Compilers should be correct, but it is not straightforward to formally verify a production-quality compiler implementation. It is just too difficult to recover the high-level algorithms by looking at an enormous mess of arithmetic, loops, and memory side effects. One solution is to write a new compiler such as CompCert that is designed to be verified. Alternatively, we keep our large, low-level code base such as GCC or LLVM and settle for weaker forms of validation than formal verification. This piece is about a new way to do the second thing. Our focus is the middle-end optimizers, which seem to be the most difficult part of a compiler to get right. The target is LLVM.

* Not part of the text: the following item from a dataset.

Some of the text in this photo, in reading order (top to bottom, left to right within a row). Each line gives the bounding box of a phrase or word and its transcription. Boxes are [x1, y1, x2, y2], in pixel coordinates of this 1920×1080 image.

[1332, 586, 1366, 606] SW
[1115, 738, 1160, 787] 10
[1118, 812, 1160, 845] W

End-to-end compiler testing, supported by a random source code generator like Csmith, is great — but it only gets us so far. The expressiveness of the program generator is one limitation, but a more serious problem is the normalization that happens in the compiler frontend. The issue is that there are a lot of valid code patterns that Clang will never emit and that are therefore impossible to test by driving Clang. As a Clang user you may not happen to care about this, but as LLVM people we want the middle-end optimizations to be free of logic errors and also the non-Clang-emittable code is important in practice since there are lots of frontends out there besides Clang.

The first step is to generate lots of LLVM IR. Rather than creating a relatively small number of large functions, as Csmith would do, this IR generator generates lots of tiny functions: it uses bounded exhaustive test generation to create every LLVM function up to a certain size. A fun thing about this kind of generator is its choose() operator. In random mode, choose() returns a random number; in exhaustive mode, it uses fork() to explore all alternatives. While this isn’t the most efficient way to do search, leveraging the OS keeps the generator very simple. The most vexing thing about this design is allowing it to use multiple cores while stopping it from being a fork bomb. The current version doesn’t contain code that tries to do this.

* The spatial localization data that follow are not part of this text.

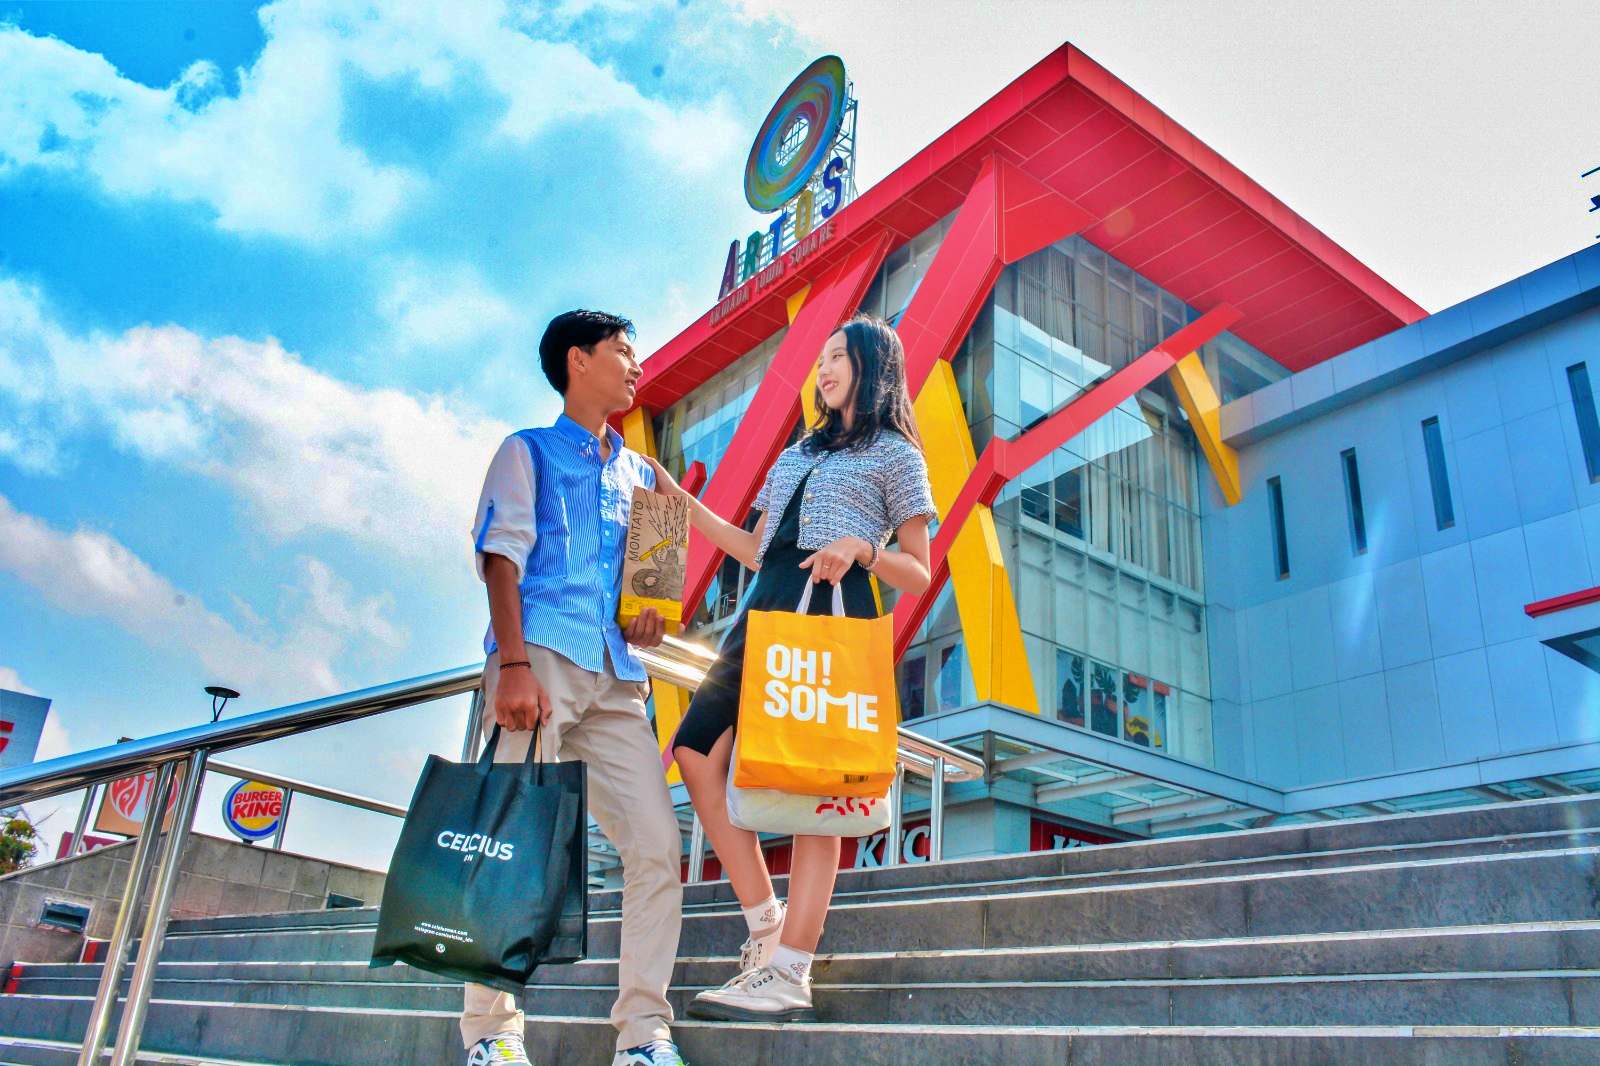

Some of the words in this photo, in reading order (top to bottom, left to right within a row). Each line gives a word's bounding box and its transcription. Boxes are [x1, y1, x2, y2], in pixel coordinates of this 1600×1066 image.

[718, 156, 846, 301] ARTOS
[628, 500, 645, 562] MONTATO
[765, 643, 832, 686] OH!
[763, 679, 879, 733] SOME
[232, 802, 282, 820] KING
[233, 791, 283, 804] BURGER
[437, 830, 514, 861] CELCIUS

The next step is to run LLVM optimizations on the generated functions. One thing we want to try is the collection of passes that implements “-O2,” but it also makes sense to run some individual passes since it is possible for sequences of passes to miss bugs: early passes can destroy constructs that would trigger bugs in later ones, and the late passes can clean up problems introduced by earlier ones. In fact both of those things seem to happen quite often.

We end up with lots of pairs of unoptimized and optimized LLVM functions. The obvious thing to do is run them with the same inputs and make sure that the outputs are the same, but that only works when the executions encounter no undefined behaviors. Solutions to the UB problem include:

  1. Generating UB-free code, as Csmith would. At the level of these tiny functions that would be a major handicap on the generator’s expressiveness and we definitely do not wish to do it.
  2. Create an LLVM interpreter that detects UB instead of silently skipping over it. The rule is that the optimizer is allowed to preserve UB or remove it, but never to add it. In other words, the correctness criterion for any compiler transformation isn’t input/output equivalence but rather input/output refinement. Someone needs to write this interpreter, perhaps using lli as a starting point (though the last time we looked, the slow/simple interpreter mode of lli had suffered some bit rot).
  3. Formally verify the refinement relation using Alive. This is better than an interpreter because Alive verifies the optimization for all inputs to the function, but worse because Alive doesn’t support all of LLVM, but rather a loop-free subset.

It is option three that we chose. The Alive language isn’t LLVM but rather an LLVM-like DSL, but it is not too hard to automatically translate the supported subset of LLVM into Alive.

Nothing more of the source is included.